See container-runtime for details and the steamrt wiki for a list of container-based runtimes.

Release notes

https://gitlab.steamos.cloud/steamrt/steamrt/-/wikis/Sniper-release-notes

Known issues

https://github.com/ValveSoftware/steam-runtime/blob/master/doc/steamlinuxruntime-known-issues.md

Reporting bugs

https://github.com/ValveSoftware/steam-runtime/blob/master/doc/reporting-steamlinuxruntime-bugs.md

Development and debugging

The runtime's behaviour can be changed by running the Steam client with environment variables set.

STEAM_LINUX_RUNTIME_LOG=1 will enable logging. Log files appear in SteamLinuxRuntime_sniper/var/slr-*.log, with filenames containing the app ID. slr-latest.log is a symbolic link to whichever one was created most recently.
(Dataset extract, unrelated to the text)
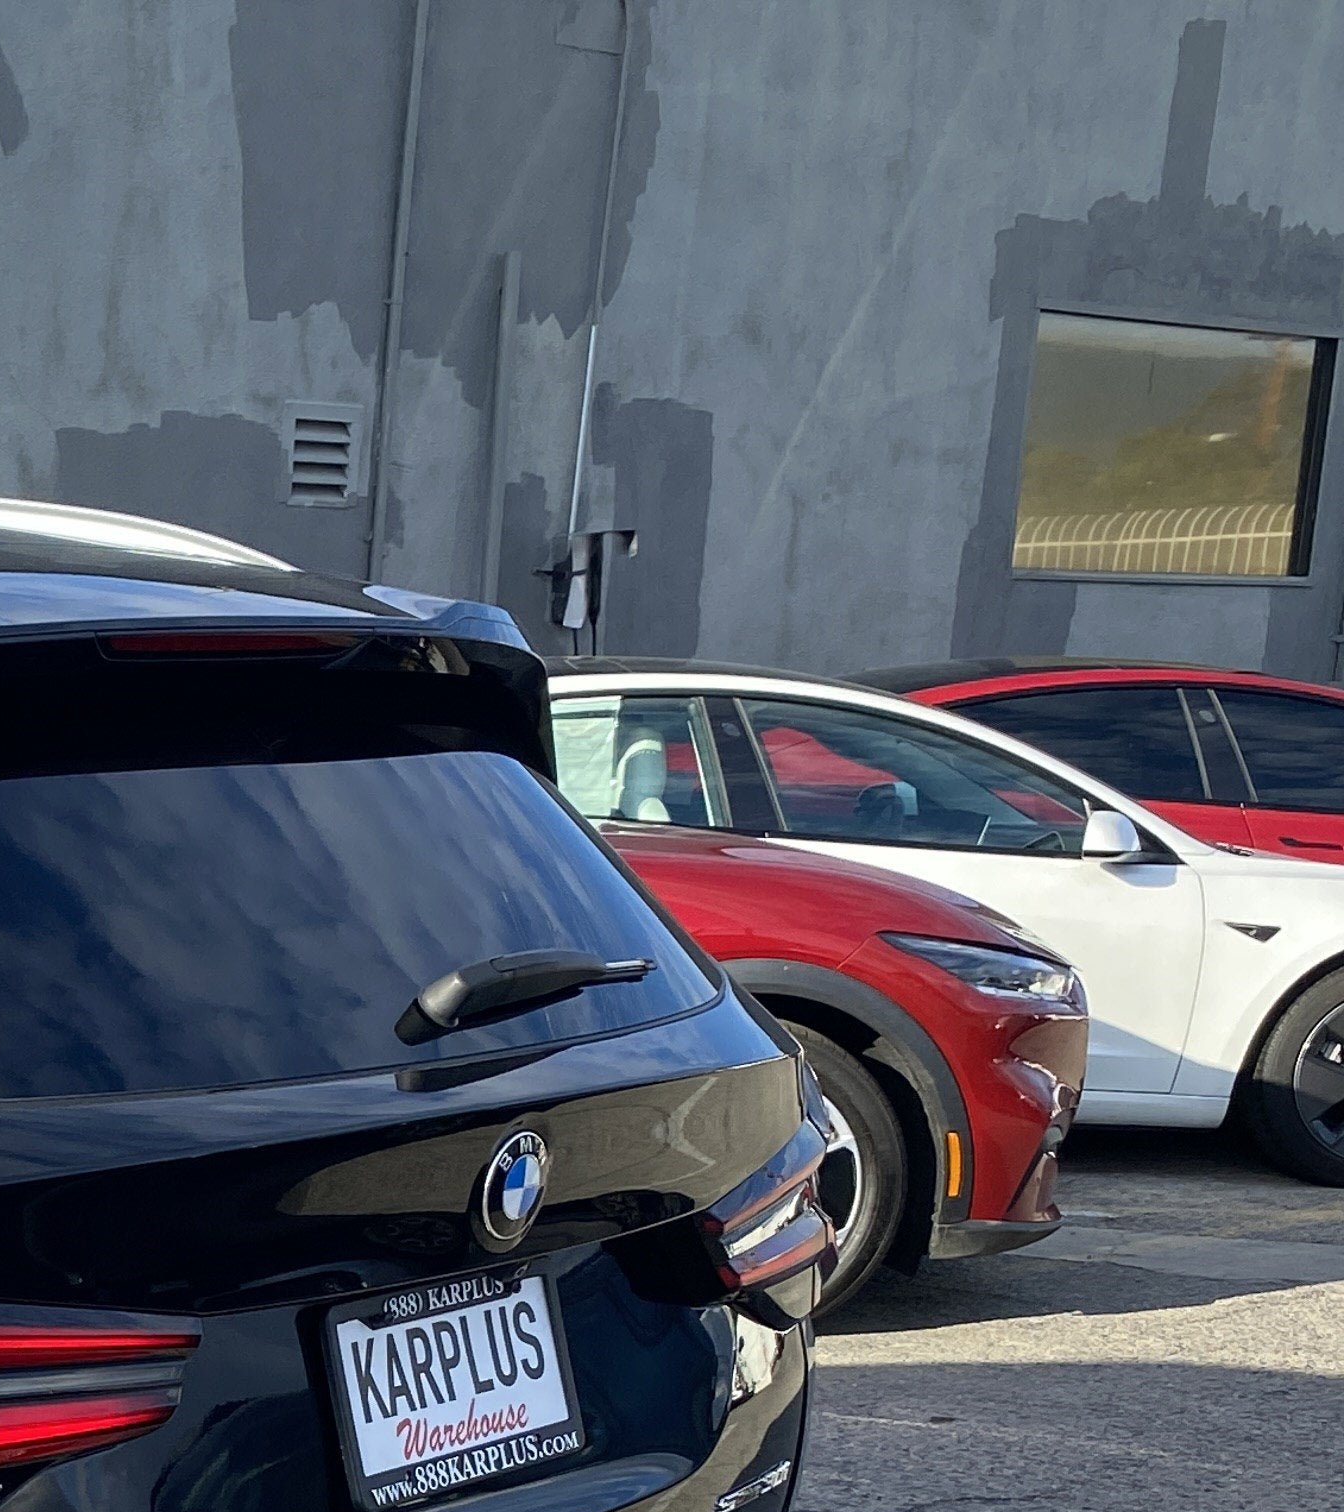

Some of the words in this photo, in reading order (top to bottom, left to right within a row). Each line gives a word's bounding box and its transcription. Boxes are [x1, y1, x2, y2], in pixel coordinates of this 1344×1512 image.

STEAM_LINUX_RUNTIME_VERBOSE=1 produces more detailed log output, either to a log file (if STEAM_LINUX_RUNTIME_LOG=1 is also used) or to the same place as steam output (otherwise).

PRESSURE_VESSEL_SHELL=instead runs an interactive shell in the container instead of running the game.

Please see distribution assumptions for details of assumptions made about the host operating system, and some advice on debugging the container runtime on new Linux distributions.

Game developers who are interested in targeting this environment should check the SDK documentation and general information for game developers.

Licensing and copyright

The Steam Runtime contains many third-party software packages under various open-source licenses.

For full source code, please see the version-numbered subdirectory corresponding to the version numbers listed in VERSIONS.txt.